= Problem requirements =
Could you output every record below exactly, leaving out the pictures?

(Dataset entries)
-- -- --
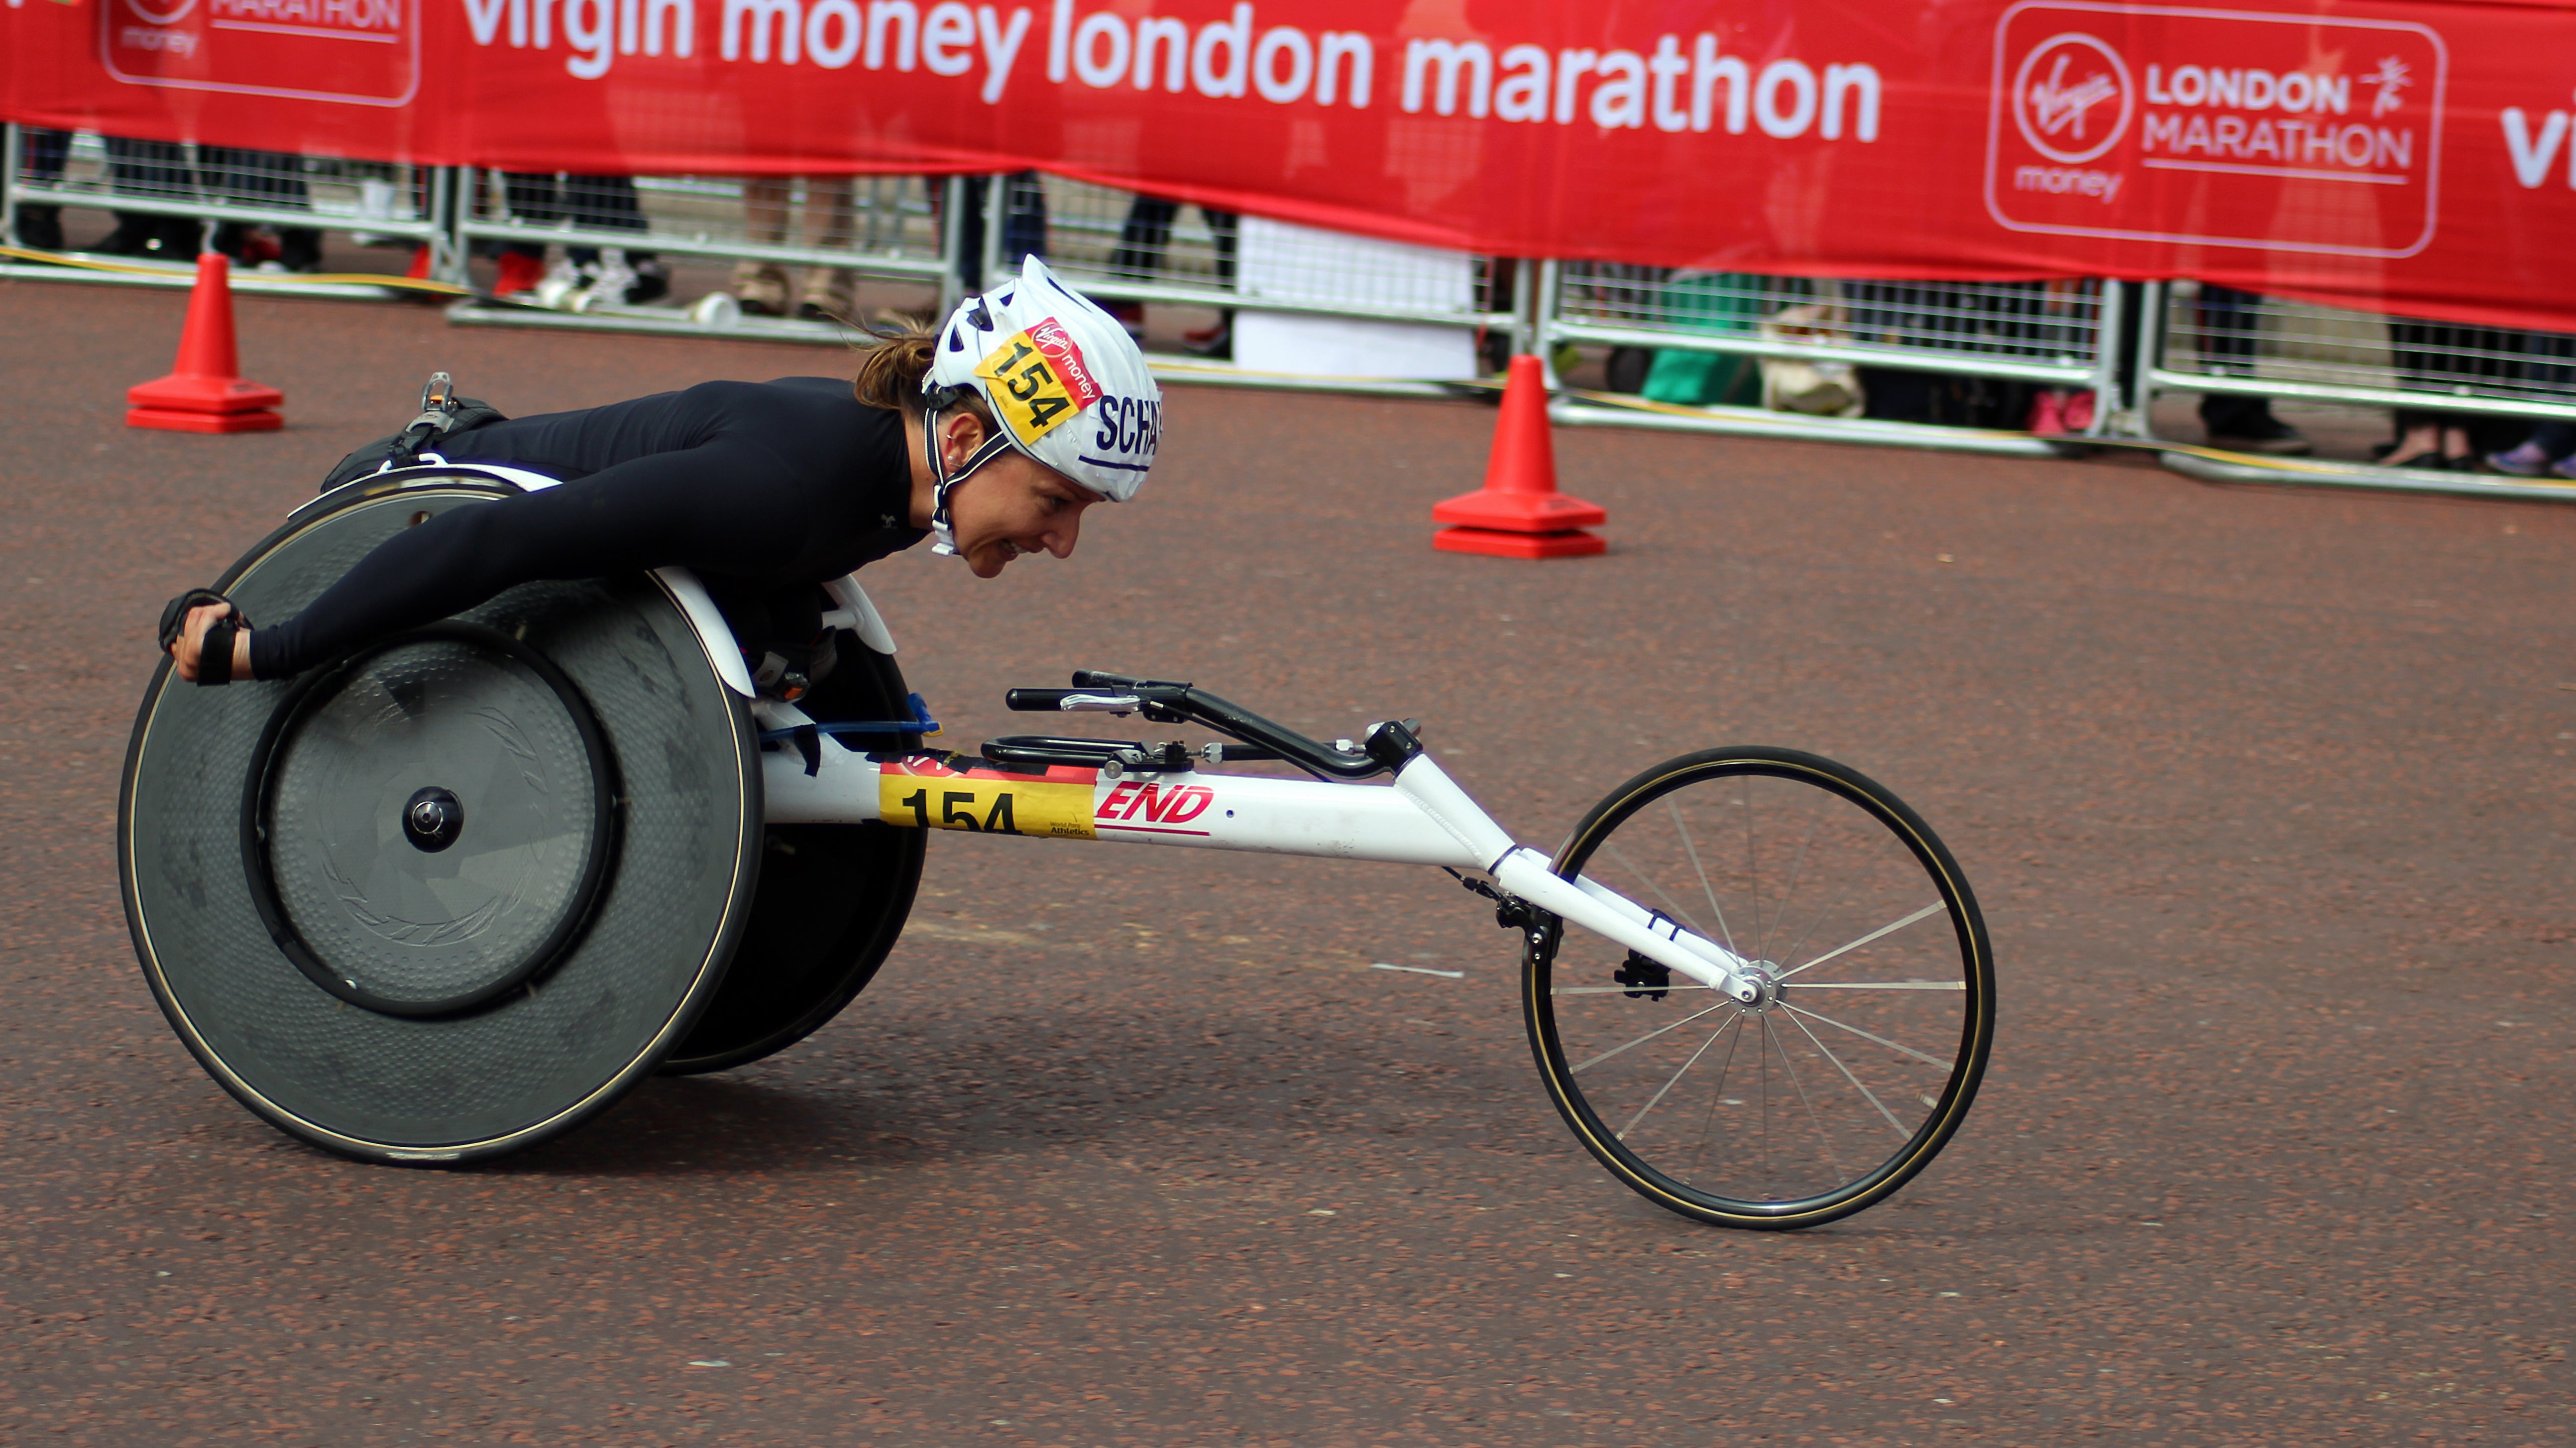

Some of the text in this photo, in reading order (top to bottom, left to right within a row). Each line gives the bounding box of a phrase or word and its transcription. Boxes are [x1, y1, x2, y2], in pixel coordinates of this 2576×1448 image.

[122, 27, 199, 59] money
[463, 0, 1882, 143] virgin money london marathon
[2146, 65, 2351, 115] LONDON
[2142, 113, 2412, 169] MARATHON
[2015, 166, 2124, 204] money
[1036, 327, 1069, 350] Virgin
[994, 342, 1070, 429] 154
[1061, 354, 1096, 399] money
[1096, 395, 1162, 456] SCHA
[902, 789, 1023, 836] 154
[1095, 781, 1214, 824] END
[1051, 827, 1089, 836] Athletics
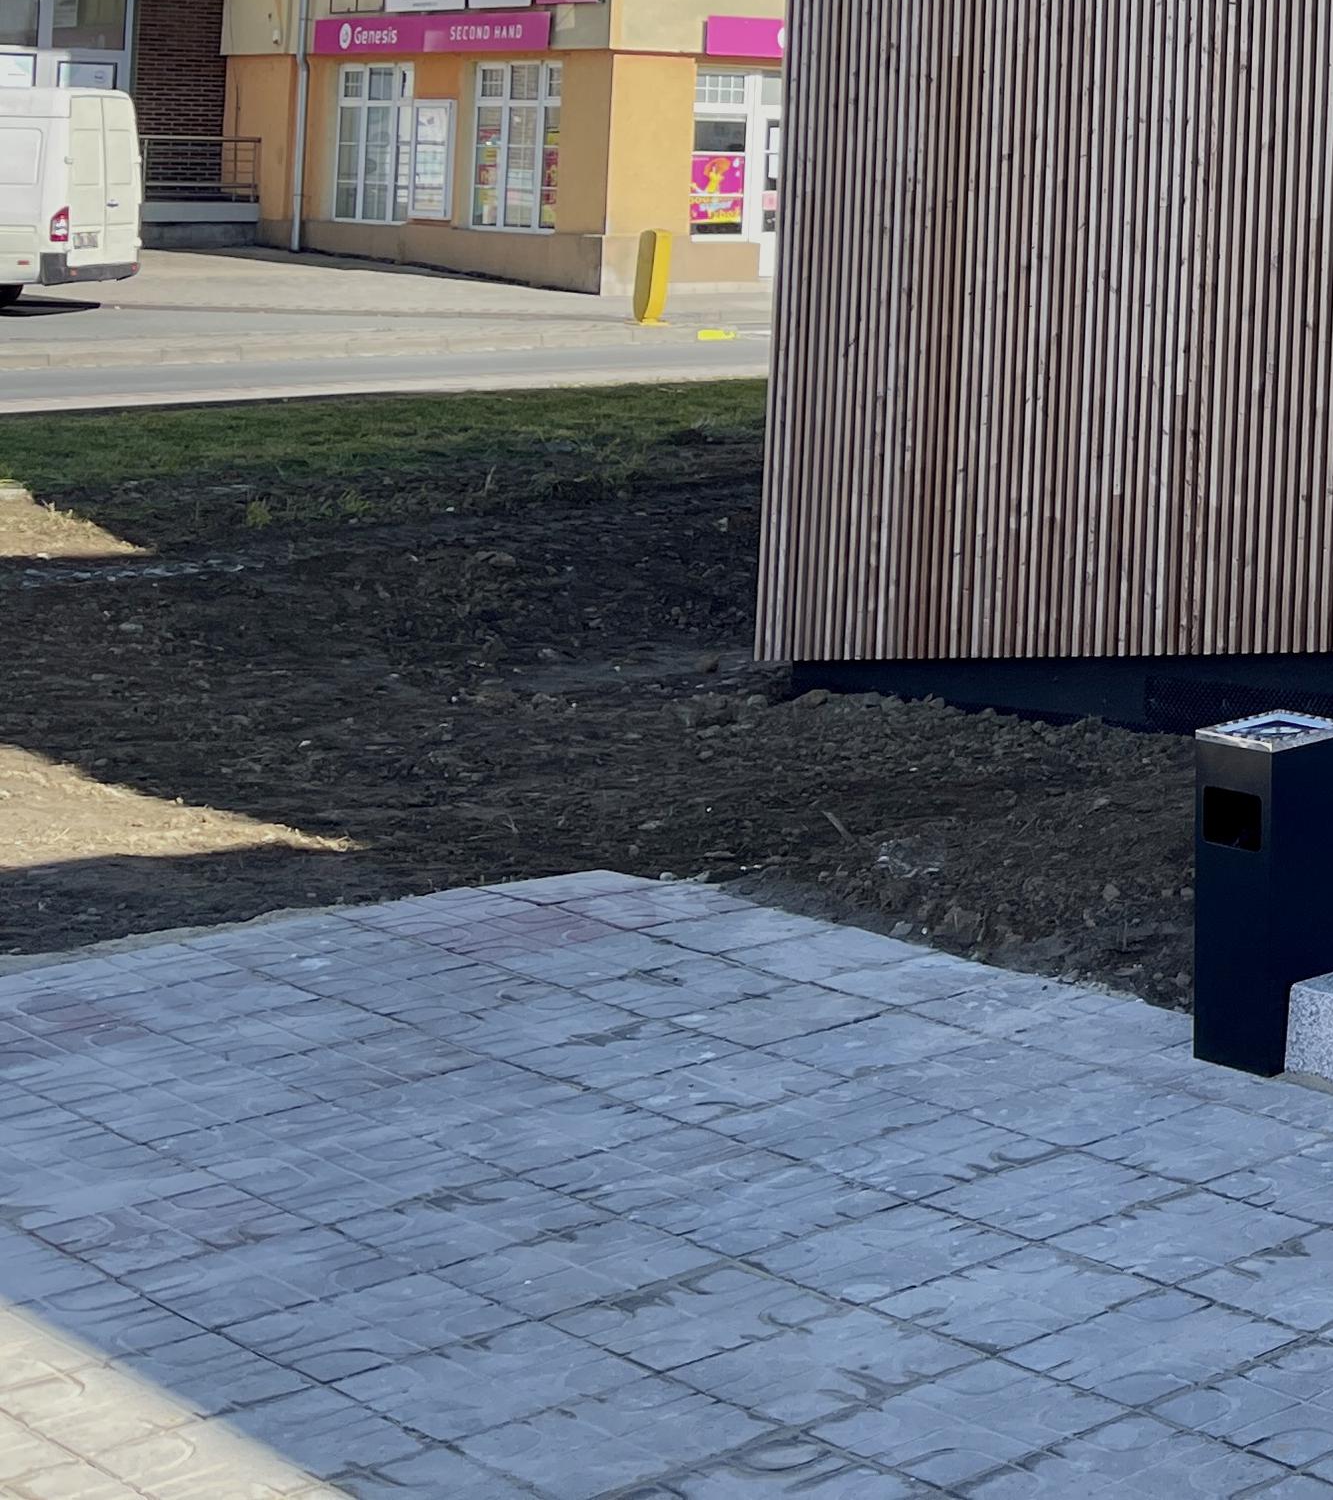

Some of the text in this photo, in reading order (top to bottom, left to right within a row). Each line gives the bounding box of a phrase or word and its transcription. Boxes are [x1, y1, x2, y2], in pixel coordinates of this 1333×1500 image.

[353, 24, 523, 45] Genesis SECOND HAND
-- -- --
= Completed task =
Some of the text in this photo, in reading order (top to bottom, left to right within a row). Each line gives the bounding box of a phrase or word and its transcription. Boxes are [x1, y1, x2, y2], in pixel coordinates of this 2576×1448 image.

[122, 27, 199, 59] money
[463, 0, 1882, 143] virgin money london marathon
[2146, 65, 2351, 115] LONDON
[2142, 113, 2412, 169] MARATHON
[2015, 166, 2124, 204] money
[1036, 327, 1069, 350] Virgin
[994, 342, 1070, 429] 154
[1061, 354, 1096, 399] money
[1096, 395, 1162, 456] SCHA
[902, 789, 1023, 836] 154
[1095, 781, 1214, 824] END
[1051, 827, 1089, 836] Athletics

Some of the text in this photo, in reading order (top to bottom, left to right within a row). Each line gives the bounding box of a phrase or word and its transcription. Boxes are [x1, y1, x2, y2], in pixel coordinates of this 1333×1500 image.

[353, 24, 523, 45] Genesis SECOND HAND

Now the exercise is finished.